What the task asks
When you transcribe the records that follow, reproduce each line exactly as given.

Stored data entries

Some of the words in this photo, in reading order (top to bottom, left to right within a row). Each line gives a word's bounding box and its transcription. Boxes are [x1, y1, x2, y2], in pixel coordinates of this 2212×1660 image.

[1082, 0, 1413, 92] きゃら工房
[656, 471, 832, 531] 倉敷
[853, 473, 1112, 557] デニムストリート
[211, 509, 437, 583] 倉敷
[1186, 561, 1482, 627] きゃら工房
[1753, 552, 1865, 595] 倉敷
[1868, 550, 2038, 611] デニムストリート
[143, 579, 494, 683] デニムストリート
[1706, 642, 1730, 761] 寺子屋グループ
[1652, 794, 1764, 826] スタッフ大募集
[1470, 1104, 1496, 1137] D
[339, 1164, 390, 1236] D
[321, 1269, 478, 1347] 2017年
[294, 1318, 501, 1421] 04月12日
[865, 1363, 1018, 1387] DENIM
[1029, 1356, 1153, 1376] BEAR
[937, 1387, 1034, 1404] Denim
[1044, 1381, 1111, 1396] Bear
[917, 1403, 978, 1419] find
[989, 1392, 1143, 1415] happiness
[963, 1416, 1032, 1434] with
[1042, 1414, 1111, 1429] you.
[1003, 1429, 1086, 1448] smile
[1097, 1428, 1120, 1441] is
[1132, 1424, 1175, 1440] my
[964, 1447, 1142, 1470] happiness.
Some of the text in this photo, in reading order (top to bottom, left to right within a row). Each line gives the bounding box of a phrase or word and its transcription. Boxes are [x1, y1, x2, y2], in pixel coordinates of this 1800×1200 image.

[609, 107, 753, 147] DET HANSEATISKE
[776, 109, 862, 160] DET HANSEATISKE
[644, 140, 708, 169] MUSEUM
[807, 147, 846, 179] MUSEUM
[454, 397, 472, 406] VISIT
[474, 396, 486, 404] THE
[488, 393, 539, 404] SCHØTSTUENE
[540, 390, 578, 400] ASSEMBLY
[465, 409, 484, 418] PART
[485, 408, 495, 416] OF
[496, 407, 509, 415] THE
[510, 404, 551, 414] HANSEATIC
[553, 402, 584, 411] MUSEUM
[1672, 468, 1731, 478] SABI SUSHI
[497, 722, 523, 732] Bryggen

Answer space
Some of the words in this photo, in reading order (top to bottom, left to right within a row). Each line gives a word's bounding box and its transcription. Boxes are [x1, y1, x2, y2], in pixel coordinates of this 2212×1660 image.

[1082, 0, 1413, 92] きゃら工房
[656, 471, 832, 531] 倉敷
[853, 473, 1112, 557] デニムストリート
[211, 509, 437, 583] 倉敷
[1186, 561, 1482, 627] きゃら工房
[1753, 552, 1865, 595] 倉敷
[1868, 550, 2038, 611] デニムストリート
[143, 579, 494, 683] デニムストリート
[1706, 642, 1730, 761] 寺子屋グループ
[1652, 794, 1764, 826] スタッフ大募集
[1470, 1104, 1496, 1137] D
[339, 1164, 390, 1236] D
[321, 1269, 478, 1347] 2017年
[294, 1318, 501, 1421] 04月12日
[865, 1363, 1018, 1387] DENIM
[1029, 1356, 1153, 1376] BEAR
[937, 1387, 1034, 1404] Denim
[1044, 1381, 1111, 1396] Bear
[917, 1403, 978, 1419] find
[989, 1392, 1143, 1415] happiness
[963, 1416, 1032, 1434] with
[1042, 1414, 1111, 1429] you.
[1003, 1429, 1086, 1448] smile
[1097, 1428, 1120, 1441] is
[1132, 1424, 1175, 1440] my
[964, 1447, 1142, 1470] happiness.
Some of the text in this photo, in reading order (top to bottom, left to right within a row). Each line gives the bounding box of a phrase or word and its transcription. Boxes are [x1, y1, x2, y2], in pixel coordinates of this 1800×1200 image.

[609, 107, 753, 147] DET HANSEATISKE
[776, 109, 862, 160] DET HANSEATISKE
[644, 140, 708, 169] MUSEUM
[807, 147, 846, 179] MUSEUM
[454, 397, 472, 406] VISIT
[474, 396, 486, 404] THE
[488, 393, 539, 404] SCHØTSTUENE
[540, 390, 578, 400] ASSEMBLY
[465, 409, 484, 418] PART
[485, 408, 495, 416] OF
[496, 407, 509, 415] THE
[510, 404, 551, 414] HANSEATIC
[553, 402, 584, 411] MUSEUM
[1672, 468, 1731, 478] SABI SUSHI
[497, 722, 523, 732] Bryggen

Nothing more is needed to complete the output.